[Source data]
━━━━━━

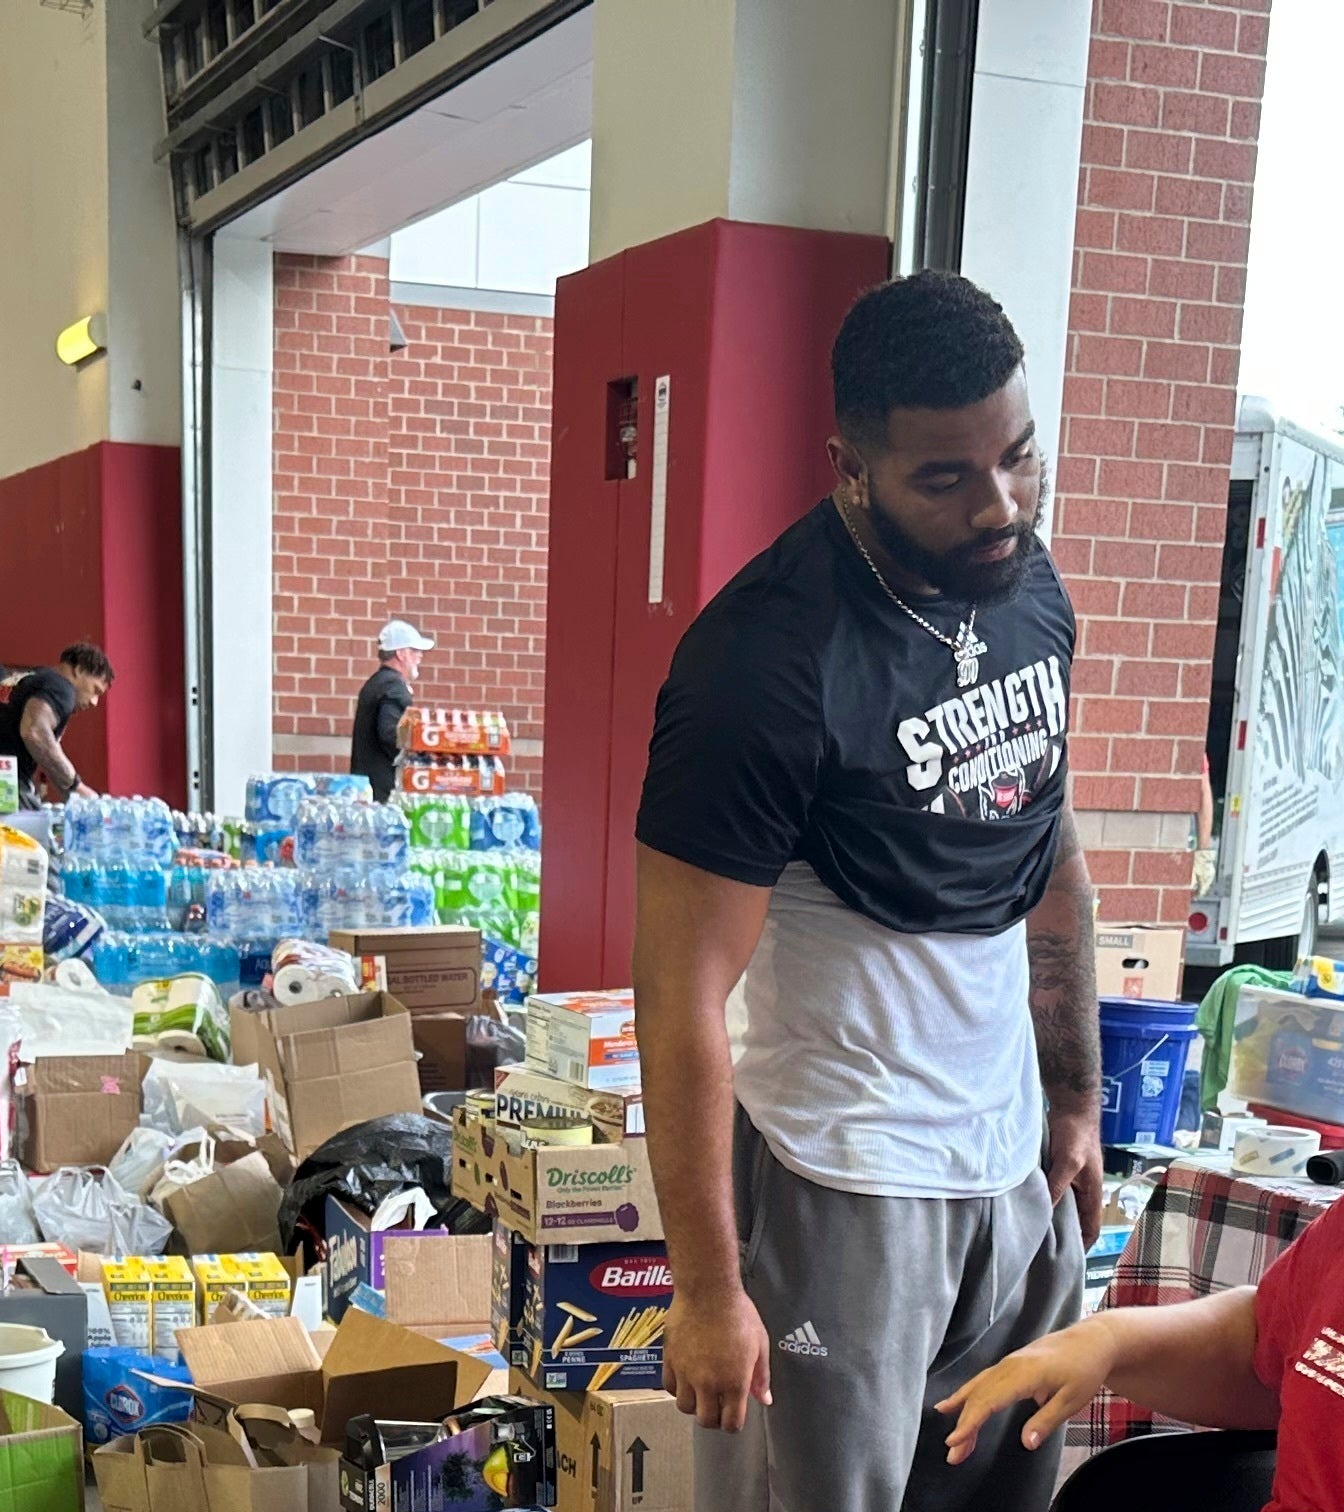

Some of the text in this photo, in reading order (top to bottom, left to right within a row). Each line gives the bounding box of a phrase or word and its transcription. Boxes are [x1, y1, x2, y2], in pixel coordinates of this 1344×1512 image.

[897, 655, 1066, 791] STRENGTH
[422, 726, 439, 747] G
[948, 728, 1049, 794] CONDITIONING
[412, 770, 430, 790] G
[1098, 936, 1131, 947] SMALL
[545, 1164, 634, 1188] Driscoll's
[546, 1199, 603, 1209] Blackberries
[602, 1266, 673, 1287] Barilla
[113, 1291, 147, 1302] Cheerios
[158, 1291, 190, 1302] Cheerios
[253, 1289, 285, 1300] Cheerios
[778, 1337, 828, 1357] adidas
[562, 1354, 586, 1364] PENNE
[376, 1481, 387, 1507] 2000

━━━━━━

### Problem requirements
Without the pictures, give the entries above back exactly.

### Exercise solution
Some of the text in this photo, in reading order (top to bottom, left to right within a row). Each line gives the bounding box of a phrase or word and its transcription. Boxes are [x1, y1, x2, y2], in pixel coordinates of this 1344×1512 image.

[897, 655, 1066, 791] STRENGTH
[422, 726, 439, 747] G
[948, 728, 1049, 794] CONDITIONING
[412, 770, 430, 790] G
[1098, 936, 1131, 947] SMALL
[545, 1164, 634, 1188] Driscoll's
[546, 1199, 603, 1209] Blackberries
[602, 1266, 673, 1287] Barilla
[113, 1291, 147, 1302] Cheerios
[158, 1291, 190, 1302] Cheerios
[253, 1289, 285, 1300] Cheerios
[778, 1337, 828, 1357] adidas
[562, 1354, 586, 1364] PENNE
[376, 1481, 387, 1507] 2000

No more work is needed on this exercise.